- EXERCISE OBJECTIVE -
The finished copy must match the records exactly, except that it contains no pictures.

Stored items from a collection:

=====

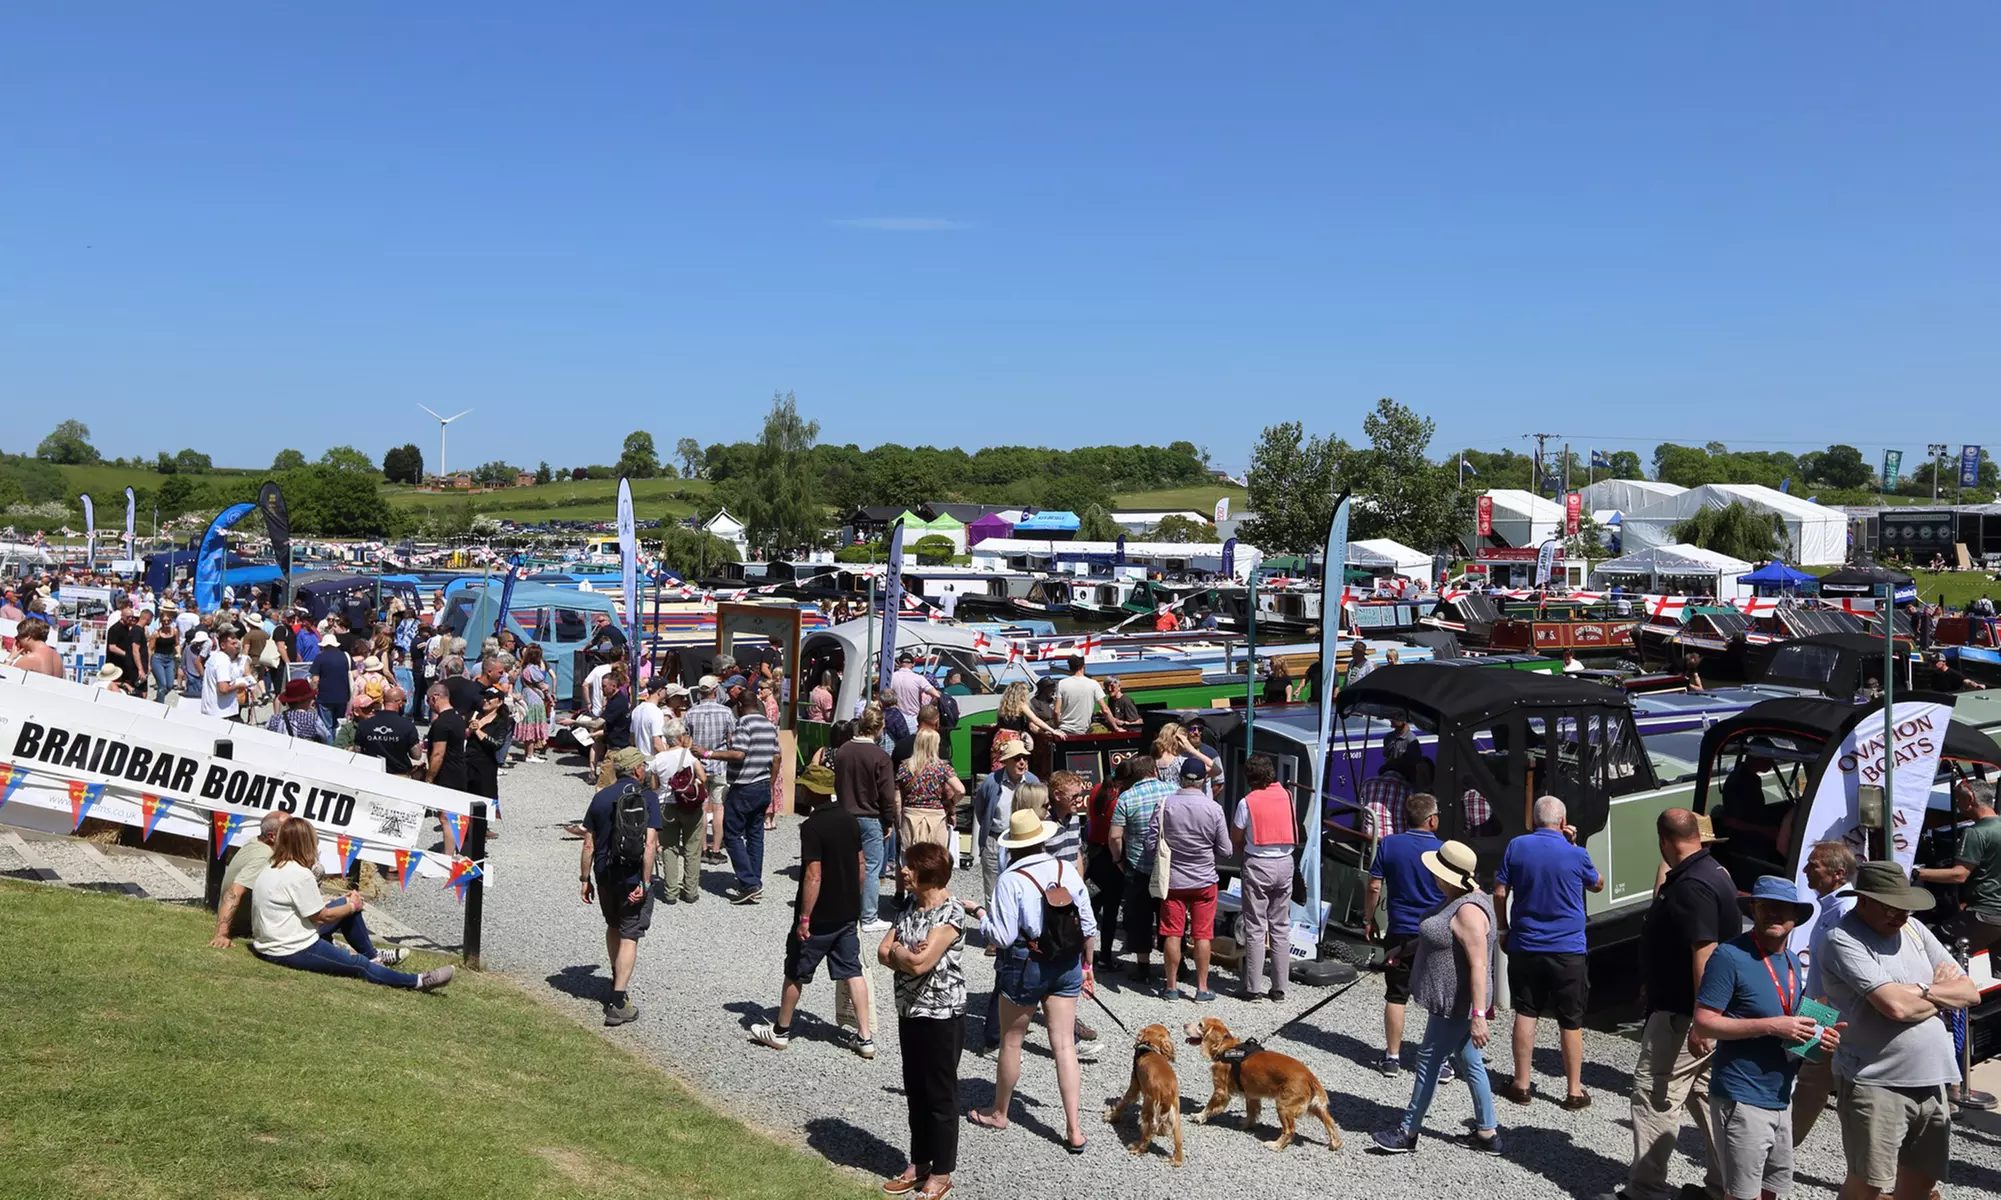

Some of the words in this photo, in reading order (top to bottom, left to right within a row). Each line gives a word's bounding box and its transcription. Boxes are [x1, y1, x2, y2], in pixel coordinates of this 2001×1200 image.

[12, 721, 199, 793] BRAIDBAR
[200, 764, 301, 814] BOATS
[303, 787, 356, 827] LTD
[1861, 737, 1935, 783] BOATS
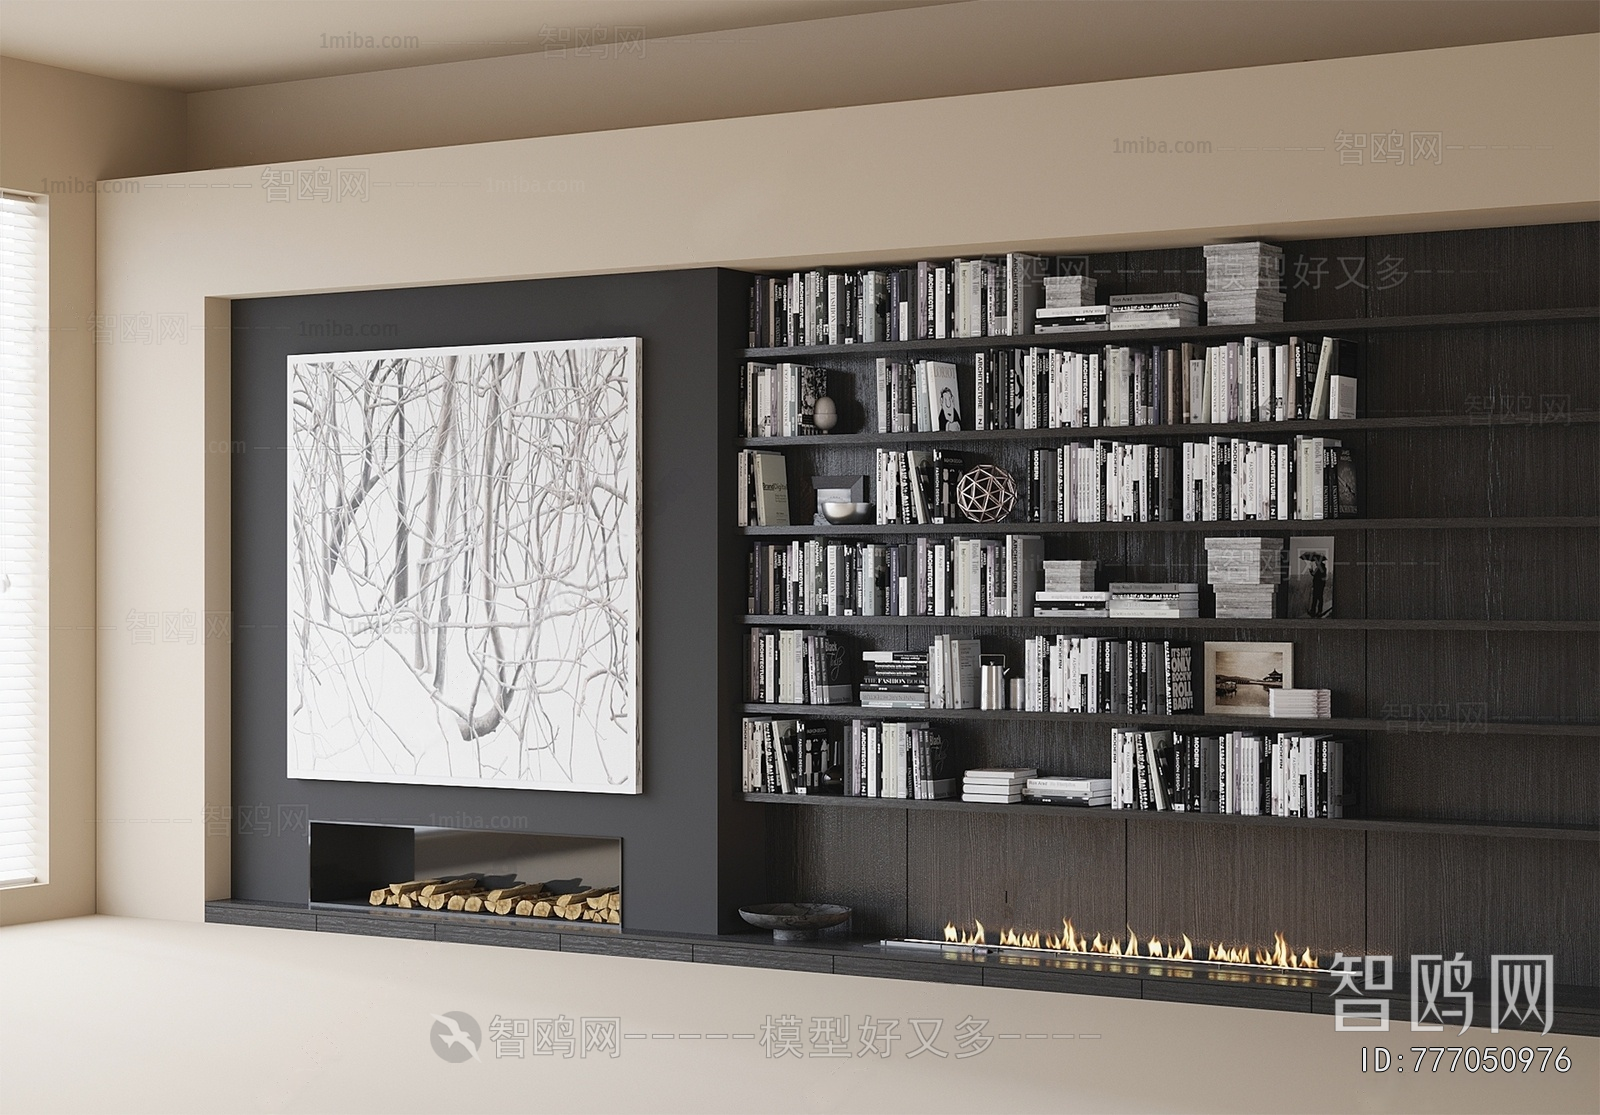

=====

- WRITTEN RESPONSE -
Some of the words in this photo, in reading order (top to bottom, left to right within a row). Each line gives a word's bounding box and its transcription. Boxes are [x1, y1, x2, y2], in pixel coordinates of this 2001×1200 image.

[12, 721, 199, 793] BRAIDBAR
[200, 764, 301, 814] BOATS
[303, 787, 356, 827] LTD
[1861, 737, 1935, 783] BOATS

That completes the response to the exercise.